INPUT ->
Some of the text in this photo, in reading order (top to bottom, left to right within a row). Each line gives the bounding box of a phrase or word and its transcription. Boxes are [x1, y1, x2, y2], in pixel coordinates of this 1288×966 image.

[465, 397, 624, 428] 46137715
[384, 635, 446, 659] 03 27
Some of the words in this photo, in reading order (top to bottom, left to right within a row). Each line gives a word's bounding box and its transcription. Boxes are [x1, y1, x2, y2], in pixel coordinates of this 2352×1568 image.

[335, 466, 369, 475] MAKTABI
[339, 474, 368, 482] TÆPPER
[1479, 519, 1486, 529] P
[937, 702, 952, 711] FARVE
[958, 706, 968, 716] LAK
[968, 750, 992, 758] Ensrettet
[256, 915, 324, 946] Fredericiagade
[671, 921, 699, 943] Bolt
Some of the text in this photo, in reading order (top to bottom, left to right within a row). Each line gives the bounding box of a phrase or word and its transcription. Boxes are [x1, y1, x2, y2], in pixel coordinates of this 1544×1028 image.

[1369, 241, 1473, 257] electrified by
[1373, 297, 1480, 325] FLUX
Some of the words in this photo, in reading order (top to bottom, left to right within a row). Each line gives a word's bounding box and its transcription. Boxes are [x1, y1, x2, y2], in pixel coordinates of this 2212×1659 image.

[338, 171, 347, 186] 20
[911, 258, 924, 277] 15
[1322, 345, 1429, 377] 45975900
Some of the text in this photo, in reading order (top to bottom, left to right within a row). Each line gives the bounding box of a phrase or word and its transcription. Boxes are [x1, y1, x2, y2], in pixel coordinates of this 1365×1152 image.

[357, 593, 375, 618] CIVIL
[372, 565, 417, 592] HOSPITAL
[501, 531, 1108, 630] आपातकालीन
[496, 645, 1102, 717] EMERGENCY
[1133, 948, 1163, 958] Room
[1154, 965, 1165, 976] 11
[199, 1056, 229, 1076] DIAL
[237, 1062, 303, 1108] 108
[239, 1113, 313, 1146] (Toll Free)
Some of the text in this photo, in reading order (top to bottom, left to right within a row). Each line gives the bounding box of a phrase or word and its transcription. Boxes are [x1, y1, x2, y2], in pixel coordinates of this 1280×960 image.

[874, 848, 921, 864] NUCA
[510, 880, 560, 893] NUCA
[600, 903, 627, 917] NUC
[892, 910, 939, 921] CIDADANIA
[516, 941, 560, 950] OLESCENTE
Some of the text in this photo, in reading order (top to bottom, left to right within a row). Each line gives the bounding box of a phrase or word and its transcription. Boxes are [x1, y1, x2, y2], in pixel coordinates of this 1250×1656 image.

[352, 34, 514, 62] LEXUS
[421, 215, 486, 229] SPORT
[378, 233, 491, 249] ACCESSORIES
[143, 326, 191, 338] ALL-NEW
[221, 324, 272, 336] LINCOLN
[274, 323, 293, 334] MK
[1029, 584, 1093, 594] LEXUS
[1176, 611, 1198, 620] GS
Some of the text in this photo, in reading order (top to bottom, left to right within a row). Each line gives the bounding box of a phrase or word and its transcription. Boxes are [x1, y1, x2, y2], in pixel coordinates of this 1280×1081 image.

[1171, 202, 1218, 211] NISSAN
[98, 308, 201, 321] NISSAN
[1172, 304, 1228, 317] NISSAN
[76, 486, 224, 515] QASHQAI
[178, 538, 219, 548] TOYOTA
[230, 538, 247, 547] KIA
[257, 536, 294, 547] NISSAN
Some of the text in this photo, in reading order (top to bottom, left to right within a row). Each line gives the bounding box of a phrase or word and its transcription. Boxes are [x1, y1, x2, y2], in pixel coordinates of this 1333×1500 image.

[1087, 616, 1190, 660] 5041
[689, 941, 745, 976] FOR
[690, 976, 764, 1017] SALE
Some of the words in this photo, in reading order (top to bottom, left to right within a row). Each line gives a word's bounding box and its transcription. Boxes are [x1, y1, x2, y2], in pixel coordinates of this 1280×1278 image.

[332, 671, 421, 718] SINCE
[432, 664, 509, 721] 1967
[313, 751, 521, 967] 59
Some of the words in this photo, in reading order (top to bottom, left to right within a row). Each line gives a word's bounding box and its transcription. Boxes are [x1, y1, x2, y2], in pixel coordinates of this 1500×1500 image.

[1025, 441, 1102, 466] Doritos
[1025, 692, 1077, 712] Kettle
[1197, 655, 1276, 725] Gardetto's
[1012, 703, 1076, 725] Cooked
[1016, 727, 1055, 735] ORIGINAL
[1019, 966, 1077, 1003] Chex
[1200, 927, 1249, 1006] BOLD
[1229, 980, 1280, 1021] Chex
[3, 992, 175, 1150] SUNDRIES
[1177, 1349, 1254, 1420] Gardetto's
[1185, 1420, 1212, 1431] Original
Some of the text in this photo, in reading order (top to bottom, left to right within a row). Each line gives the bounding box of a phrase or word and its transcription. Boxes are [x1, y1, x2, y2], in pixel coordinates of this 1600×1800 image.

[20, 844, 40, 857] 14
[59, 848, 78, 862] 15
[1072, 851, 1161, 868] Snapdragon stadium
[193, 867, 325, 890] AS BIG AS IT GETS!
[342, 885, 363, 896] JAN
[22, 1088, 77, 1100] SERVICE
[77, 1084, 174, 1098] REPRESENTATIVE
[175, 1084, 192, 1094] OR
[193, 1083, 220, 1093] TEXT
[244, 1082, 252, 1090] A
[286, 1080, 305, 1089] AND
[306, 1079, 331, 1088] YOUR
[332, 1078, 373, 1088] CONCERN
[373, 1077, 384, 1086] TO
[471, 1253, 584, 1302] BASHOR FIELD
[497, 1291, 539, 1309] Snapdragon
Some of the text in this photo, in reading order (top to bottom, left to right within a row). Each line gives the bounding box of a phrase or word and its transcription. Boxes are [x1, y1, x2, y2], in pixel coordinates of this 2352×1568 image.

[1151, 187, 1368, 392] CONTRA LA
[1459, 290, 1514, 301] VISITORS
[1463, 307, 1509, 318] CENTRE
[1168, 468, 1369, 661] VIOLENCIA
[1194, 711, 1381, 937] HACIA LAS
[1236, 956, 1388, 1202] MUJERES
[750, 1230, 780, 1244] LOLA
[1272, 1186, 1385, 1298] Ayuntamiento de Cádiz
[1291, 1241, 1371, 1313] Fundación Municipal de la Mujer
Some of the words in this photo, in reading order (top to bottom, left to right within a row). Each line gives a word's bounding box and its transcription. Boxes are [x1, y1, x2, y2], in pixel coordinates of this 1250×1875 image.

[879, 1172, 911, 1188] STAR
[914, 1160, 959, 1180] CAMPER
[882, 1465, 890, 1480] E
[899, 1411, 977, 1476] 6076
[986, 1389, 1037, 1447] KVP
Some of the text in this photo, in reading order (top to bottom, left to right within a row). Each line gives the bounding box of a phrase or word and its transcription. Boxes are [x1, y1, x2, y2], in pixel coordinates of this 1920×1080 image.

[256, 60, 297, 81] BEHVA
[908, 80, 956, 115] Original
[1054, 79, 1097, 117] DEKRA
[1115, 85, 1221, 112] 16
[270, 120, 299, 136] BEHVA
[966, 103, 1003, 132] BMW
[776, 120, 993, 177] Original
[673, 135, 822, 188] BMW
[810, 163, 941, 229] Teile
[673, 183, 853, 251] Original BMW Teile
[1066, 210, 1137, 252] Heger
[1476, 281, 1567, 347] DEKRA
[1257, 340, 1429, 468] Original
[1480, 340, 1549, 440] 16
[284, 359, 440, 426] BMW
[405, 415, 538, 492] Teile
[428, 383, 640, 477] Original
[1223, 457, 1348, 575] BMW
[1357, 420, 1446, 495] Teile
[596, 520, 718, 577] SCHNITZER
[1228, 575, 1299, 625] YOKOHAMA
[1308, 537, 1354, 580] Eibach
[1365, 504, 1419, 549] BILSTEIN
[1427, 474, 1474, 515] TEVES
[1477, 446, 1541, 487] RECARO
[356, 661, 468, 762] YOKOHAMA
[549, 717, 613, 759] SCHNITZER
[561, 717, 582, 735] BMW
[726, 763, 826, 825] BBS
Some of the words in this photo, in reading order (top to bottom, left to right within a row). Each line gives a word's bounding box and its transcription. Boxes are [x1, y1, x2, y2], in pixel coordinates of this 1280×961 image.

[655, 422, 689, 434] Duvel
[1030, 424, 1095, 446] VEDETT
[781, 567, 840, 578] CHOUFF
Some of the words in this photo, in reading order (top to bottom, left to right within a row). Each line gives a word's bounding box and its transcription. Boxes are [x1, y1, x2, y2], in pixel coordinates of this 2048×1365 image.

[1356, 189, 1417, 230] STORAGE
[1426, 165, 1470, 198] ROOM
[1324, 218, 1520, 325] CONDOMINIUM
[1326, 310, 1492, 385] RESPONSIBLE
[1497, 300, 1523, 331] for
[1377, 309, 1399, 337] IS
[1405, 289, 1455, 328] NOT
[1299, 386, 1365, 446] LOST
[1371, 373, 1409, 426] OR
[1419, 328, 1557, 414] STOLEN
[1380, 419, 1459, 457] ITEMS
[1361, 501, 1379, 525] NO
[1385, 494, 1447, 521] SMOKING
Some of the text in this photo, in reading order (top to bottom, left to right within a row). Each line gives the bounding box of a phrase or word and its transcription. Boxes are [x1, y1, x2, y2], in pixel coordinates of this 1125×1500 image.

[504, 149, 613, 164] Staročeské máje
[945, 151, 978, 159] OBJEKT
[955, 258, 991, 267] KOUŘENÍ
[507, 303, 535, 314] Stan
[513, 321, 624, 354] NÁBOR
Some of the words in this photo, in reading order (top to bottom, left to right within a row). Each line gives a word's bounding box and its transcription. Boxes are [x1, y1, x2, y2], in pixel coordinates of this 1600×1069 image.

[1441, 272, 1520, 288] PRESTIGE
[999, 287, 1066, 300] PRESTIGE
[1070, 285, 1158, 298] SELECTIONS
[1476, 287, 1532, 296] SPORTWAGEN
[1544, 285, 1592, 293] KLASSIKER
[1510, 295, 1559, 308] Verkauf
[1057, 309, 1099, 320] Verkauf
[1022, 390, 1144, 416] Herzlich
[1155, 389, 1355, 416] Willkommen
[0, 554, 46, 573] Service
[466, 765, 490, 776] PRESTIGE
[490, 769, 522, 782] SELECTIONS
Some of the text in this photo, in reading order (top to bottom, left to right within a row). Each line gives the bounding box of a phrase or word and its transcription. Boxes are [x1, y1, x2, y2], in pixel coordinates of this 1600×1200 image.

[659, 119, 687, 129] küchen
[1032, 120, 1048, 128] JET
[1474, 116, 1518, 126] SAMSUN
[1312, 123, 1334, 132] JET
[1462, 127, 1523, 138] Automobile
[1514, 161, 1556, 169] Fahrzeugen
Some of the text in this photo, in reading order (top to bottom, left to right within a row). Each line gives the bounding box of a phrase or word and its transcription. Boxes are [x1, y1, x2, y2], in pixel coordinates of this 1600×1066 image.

WHAT THE EXERCISE ASKS ->
Give exactly, and nothing besides, the lines from the one in which "this 1125×1500 image." occurs through the end of the records.

EXERCISE SOLUTION ->
Some of the text in this photo, in reading order (top to bottom, left to right within a row). Each line gives the bounding box of a phrase or word and its transcription. Boxes are [x1, y1, x2, y2], in pixel coordinates of this 1125×1500 image.

[504, 149, 613, 164] Staročeské máje
[945, 151, 978, 159] OBJEKT
[955, 258, 991, 267] KOUŘENÍ
[507, 303, 535, 314] Stan
[513, 321, 624, 354] NÁBOR
Some of the words in this photo, in reading order (top to bottom, left to right within a row). Each line gives a word's bounding box and its transcription. Boxes are [x1, y1, x2, y2], in pixel coordinates of this 1600×1069 image.

[1441, 272, 1520, 288] PRESTIGE
[999, 287, 1066, 300] PRESTIGE
[1070, 285, 1158, 298] SELECTIONS
[1476, 287, 1532, 296] SPORTWAGEN
[1544, 285, 1592, 293] KLASSIKER
[1510, 295, 1559, 308] Verkauf
[1057, 309, 1099, 320] Verkauf
[1022, 390, 1144, 416] Herzlich
[1155, 389, 1355, 416] Willkommen
[0, 554, 46, 573] Service
[466, 765, 490, 776] PRESTIGE
[490, 769, 522, 782] SELECTIONS
Some of the text in this photo, in reading order (top to bottom, left to right within a row). Each line gives the bounding box of a phrase or word and its transcription. Boxes are [x1, y1, x2, y2], in pixel coordinates of this 1600×1200 image.

[659, 119, 687, 129] küchen
[1032, 120, 1048, 128] JET
[1474, 116, 1518, 126] SAMSUN
[1312, 123, 1334, 132] JET
[1462, 127, 1523, 138] Automobile
[1514, 161, 1556, 169] Fahrzeugen
Some of the text in this photo, in reading order (top to bottom, left to right within a row). Each line gives the bounding box of a phrase or word and its transcription. Boxes are [x1, y1, x2, y2], in pixel coordinates of this 1600×1066 image.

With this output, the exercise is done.